In July 1971 the long-running "Jackie and the Wild Boys" concluded, to be replaced by "Patty's World". The freckled 13-year old Patty — forever in the shadow of good-looking best friend Sharon, squabbling with date-crazy big sister Carol and failing to land a date with crush Johnny Vowden — struck a cord with readers for her candid, down-to-earth personality. Wittily written by Phillip Douglas and illustrated by Purita Campos (a talented artist who painted many of Princess Tina's covers), "Patty's World" rapidly overhauled "The Happy Days" as a reader favourite. The strip was also a hugely popular export, notably in Campos' native Spain where Patty was renamed Esther. As well as "Patty's World" and the covers, Campos would also illustrate clothes column "Fashion Conscious" (written by Linda Semark) when it joined Princess Tina in November 1971. At the same time "Life with Tina" was overhauled as the more modern "Tina Aims for the Top!" as Tina finished working for her father's employment agency and started a more independent career.

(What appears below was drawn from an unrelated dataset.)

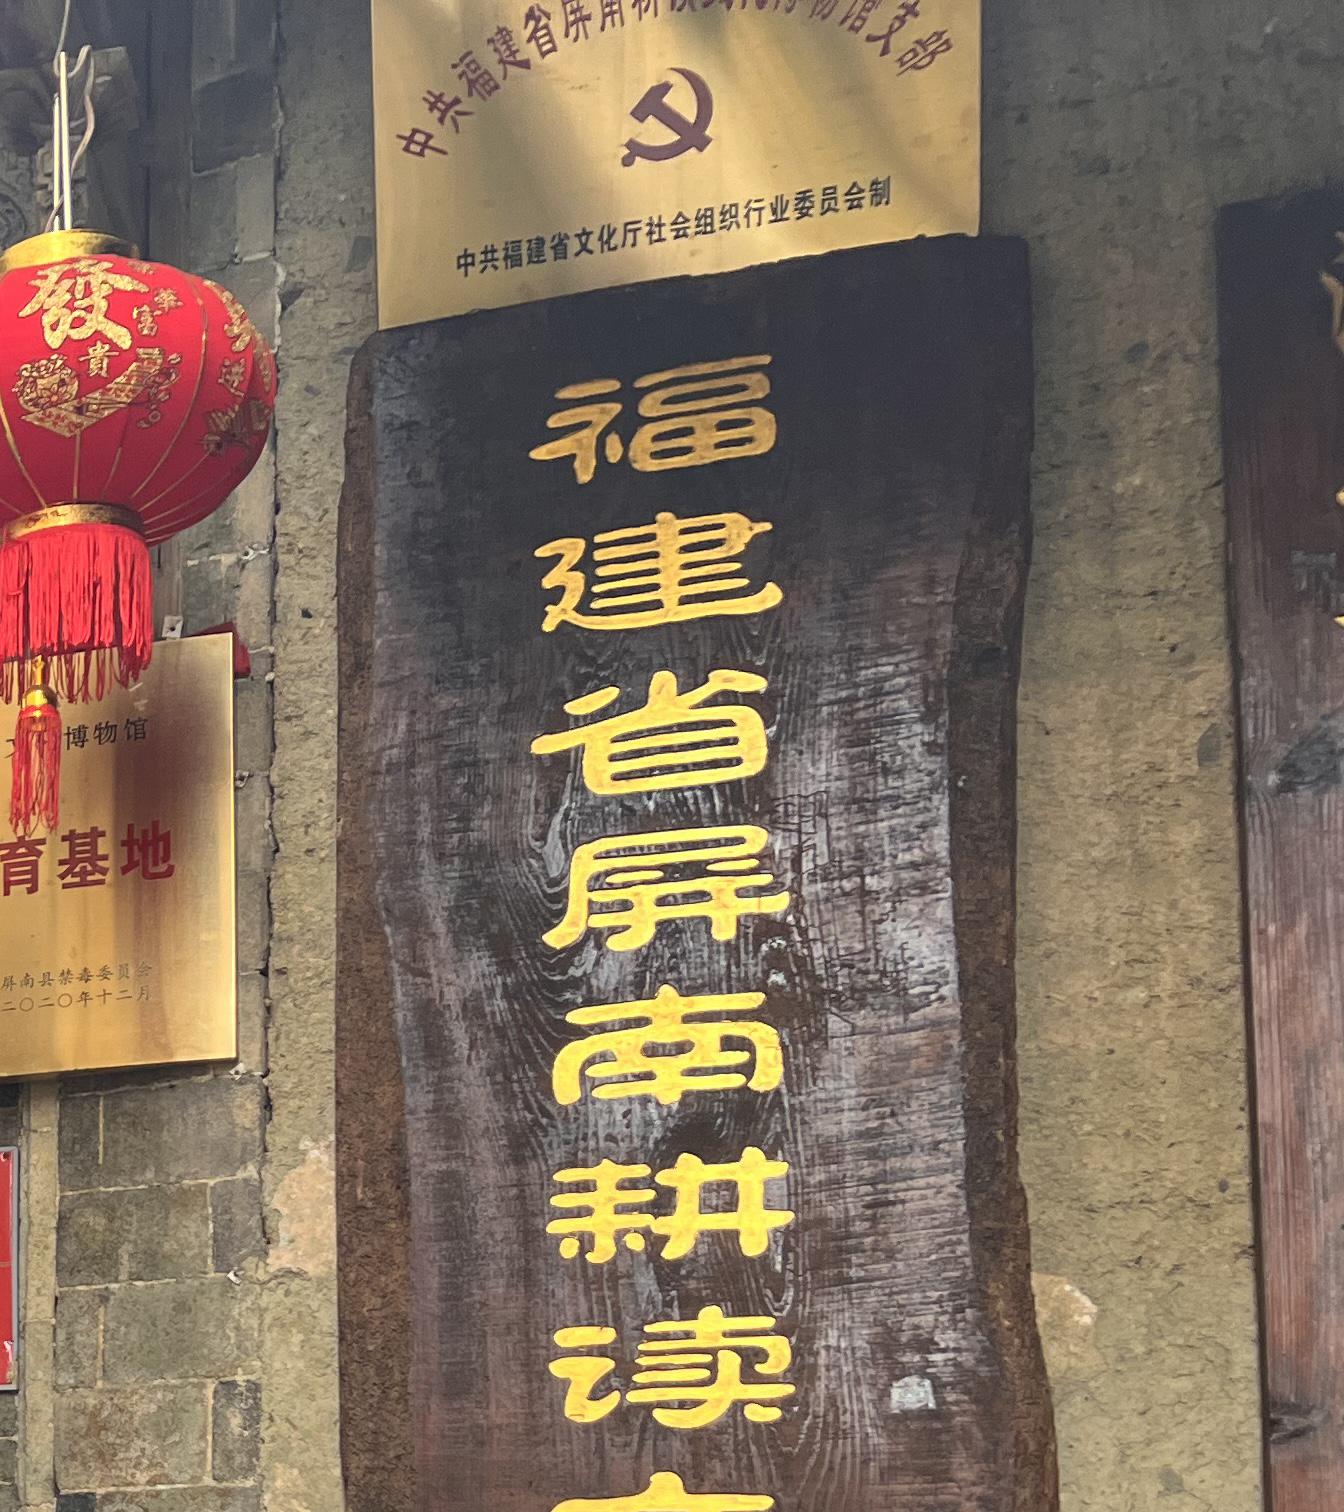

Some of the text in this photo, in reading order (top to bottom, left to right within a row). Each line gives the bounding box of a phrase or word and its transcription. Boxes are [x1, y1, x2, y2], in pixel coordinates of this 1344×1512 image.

The following month the long-running Barbie strip finished. Change was by now sweeping through IPC's girls' comic division under the auspices of John Purdy, who brought in new writers — notably the prolific former DC Thomson writers Pat Mills and John Wagner. To fit in better with the likes of Tammy and Sandie, Princess Tina was given a shake-up in March 1972. "The Trolls" was retired; Patty, Sue Day and still-learning Janet Ross continued but were joined by a more contemporary group of characters — including fashion designer Briony Andrews, modern school drama "No Swimming Allowed!", historical domestic misery "Jinny Below Stairs" and pigtailed monster "Catherine Arrogant". The cover also saw the 'Princess' part of the title shrink considerably. The last survivor of the Tina intake — "Willy the Wily Wolf" — ended in May 1972, to be replaced by "Just Jenny", while a succession of plucky heroines and domestic dramas joined the comic — including "Doomed Village", "Candy's No Lady!", "Five Uncles for Fiona" and "Tessa and the Time People".

===Tina===
January 1973 saw the title officially reduced to simply Tina; later in the year, two of the longest-running features came to an end, with "Tina Aims for the Top!" finishing in March, with "The Happy Days" finishing its 13-year run in June. By now the comic was caught between the likes of Tammy and Sandie, and the growing success of magazine-comic hybrids like Pink, Mirabelle and DC Thomson's Jackie. In July, Tina made a pitch for the latter market with the number of comic strips scaled back, and the painted front cover was replaced by photographs of popstars. The move was not a success, and after the 12 January 1974 edition it was incorporated into Pink. Wagner had risen to edit the title by this stage along with Sandie, and both were cancelled at around the same time, something the writer would wryly joke about in later interviews, noting about Princess Tina that "I really did mess that one right up."

==Legacy==
"Patty's World" would outlive not only Princess Tina but also Pink and its next home Mates, and appear in Girl until 1988.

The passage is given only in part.